Production editors: Wesley Banfield, Paul Heubel, Jenna Pearson, Konstantine Tsafatinos, Chi Zhang, Ohad Zivan

Our 2024 Sponsors: CMIP, NFDI4Earth

project pythia#

Pythia credit: Rose, B. E. J., Kent, J., Tyle, K., Clyne, J., Banihirwe, A., Camron, D., May, R., Grover, M., Ford, R. R., Paul, K., Morley, J., Eroglu, O., Kailyn, L., & Zacharias, A. (2023). Pythia Foundations (Version v2023.05.01) https://zenodo.org/record/8065851

CMIP.png#

Tutorial Objectives#

Estimated timing of tutorial: 30 minutes

Many global climate datasets are stored as NetCDF (network Common Data Form) files. NetCDF is a file format for storing multidimensional variables such as temperature, humidity, pressure, wind speed, and direction. These types of files also include metadata that gives you information about the variables and the dataset itself.
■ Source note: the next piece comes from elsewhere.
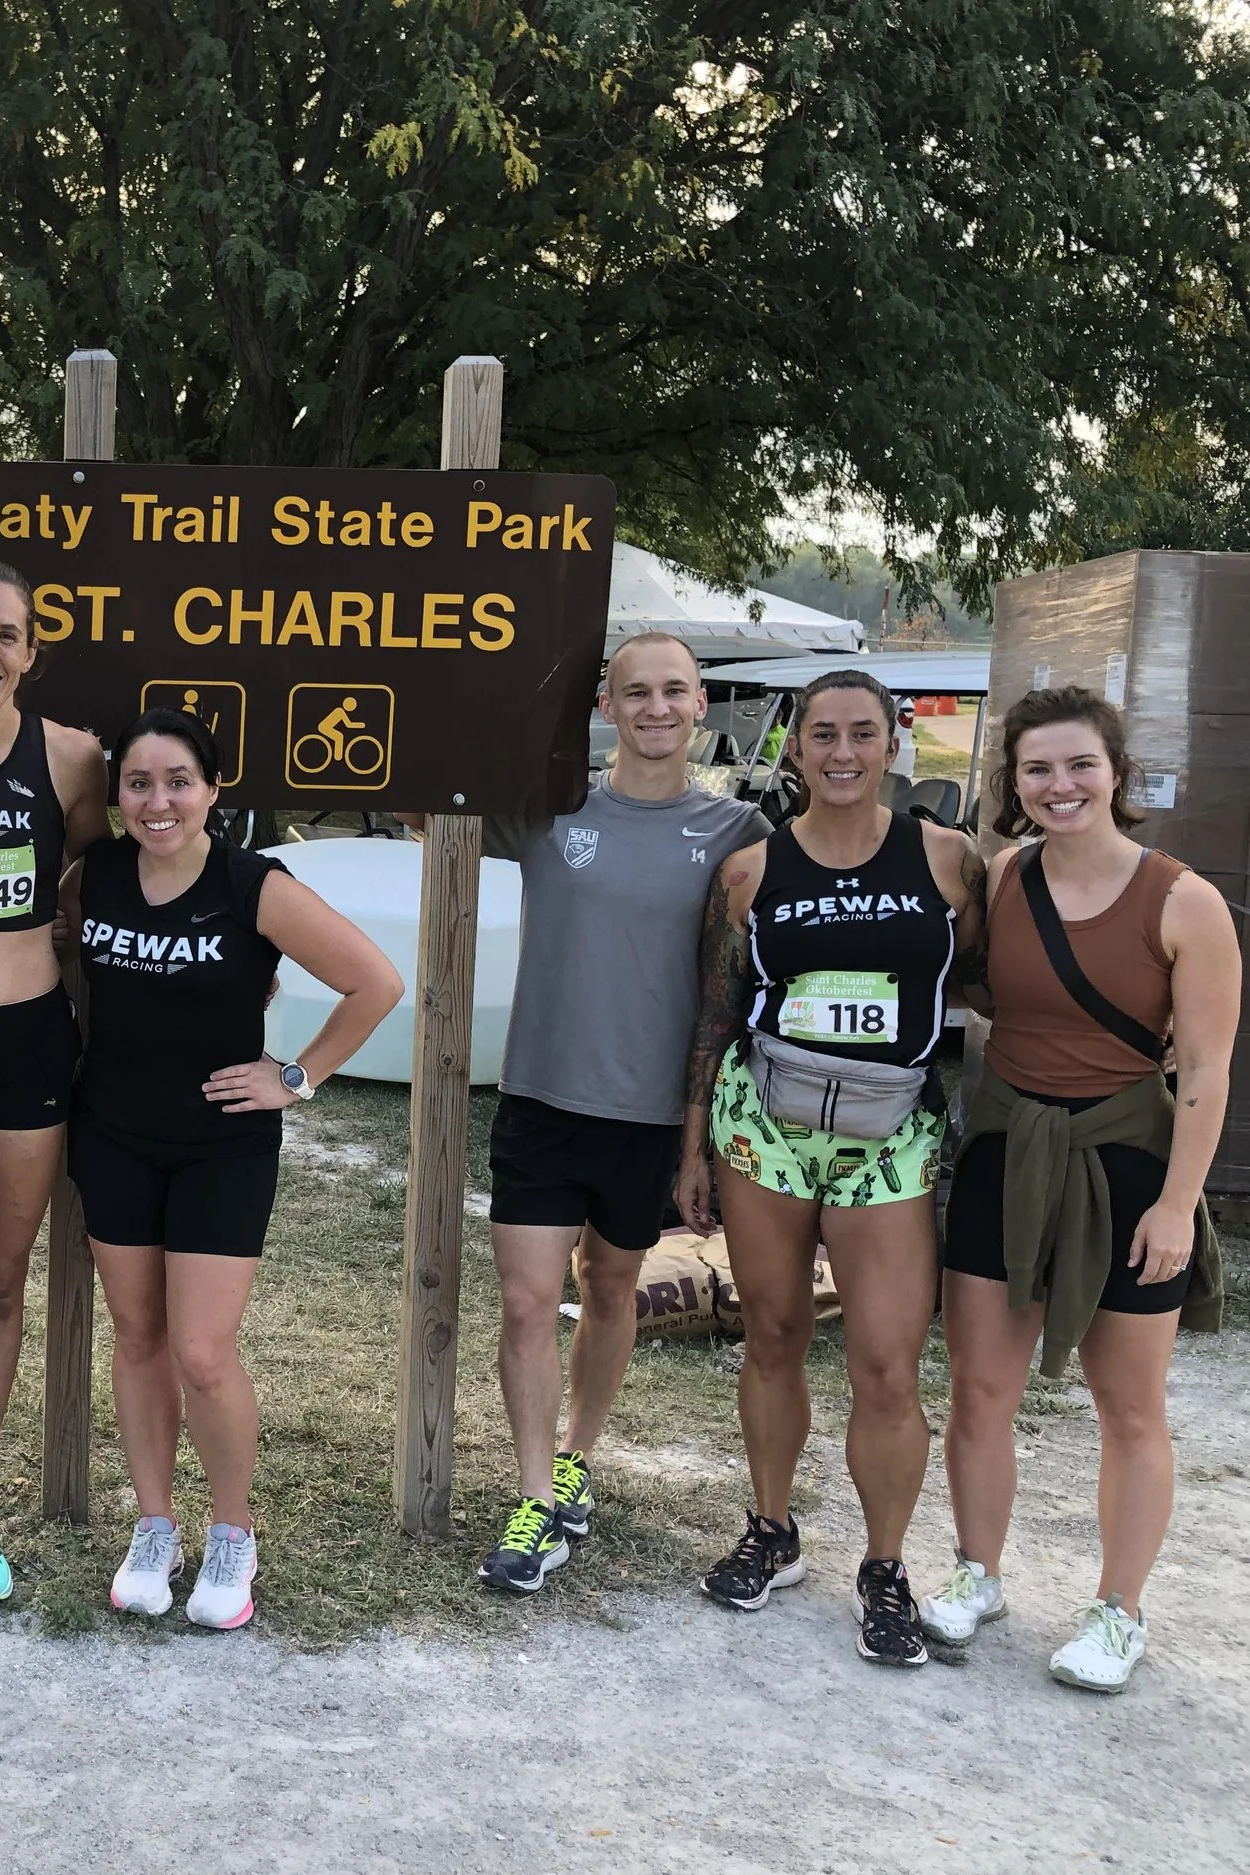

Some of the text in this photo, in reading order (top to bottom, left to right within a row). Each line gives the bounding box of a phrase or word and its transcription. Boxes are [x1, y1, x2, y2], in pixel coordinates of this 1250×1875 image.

In this tutorial, we will import atmospheric pressure and temperature data stored in a NetCDF file. We will learn how to use various attributes of Xarray to import, analyze, interpret, and plot the data.

Setup#

# installations ( uncomment and run this cell ONLY when using google colab or kaggle )
#!pip install pythia_datasets
# imports
import numpy as np
import xarray as xr
from pythia_datasets import DATASETS
import matplotlib.pyplot as plt

Install and import feedback gadget#

Hide code cell source
# @title Install and import feedback gadget

!pip3 install vibecheck datatops --quiet

from vibecheck import DatatopsContentReviewContainer
def content_review(notebook_section: str):
    return DatatopsContentReviewContainer(
        "",  # No text prompt
        notebook_section,
        {
            "url": "https://pmyvdlilci.execute-api.us-east-1.amazonaws.com/klab",
            "name": "comptools_4clim",
            "user_key": "l5jpxuee",
        },
    ).render()


feedback_prefix = "W1D1_T3"
[notice] A new release of pip is available: 24.2 -> 24.3.1
[notice] To update, run: pip install --upgrade pip

Figure Settings#

Hide code cell source
# @title Figure Settings
import ipywidgets as widgets  # interactive display

%config InlineBackend.figure_format = 'retina'
plt.style.use(
    "https://raw.githubusercontent.com/neuromatch/climate-course-content/main/cma.mplstyle"
)

Video 1: Atmospheric Climate Systems#

Submit your feedback#

Hide code cell source
# @title Submit your feedback
content_review(f"{feedback_prefix}_Atmospheric_Climate_Systems_Video")
If you want to download the slides: https://osf.io/download/cnfwz/

Submit your feedback#

Hide code cell source
# @title Submit your feedback
content_review(f"{feedback_prefix}_Atmospheric_Climate_Systems_Slides")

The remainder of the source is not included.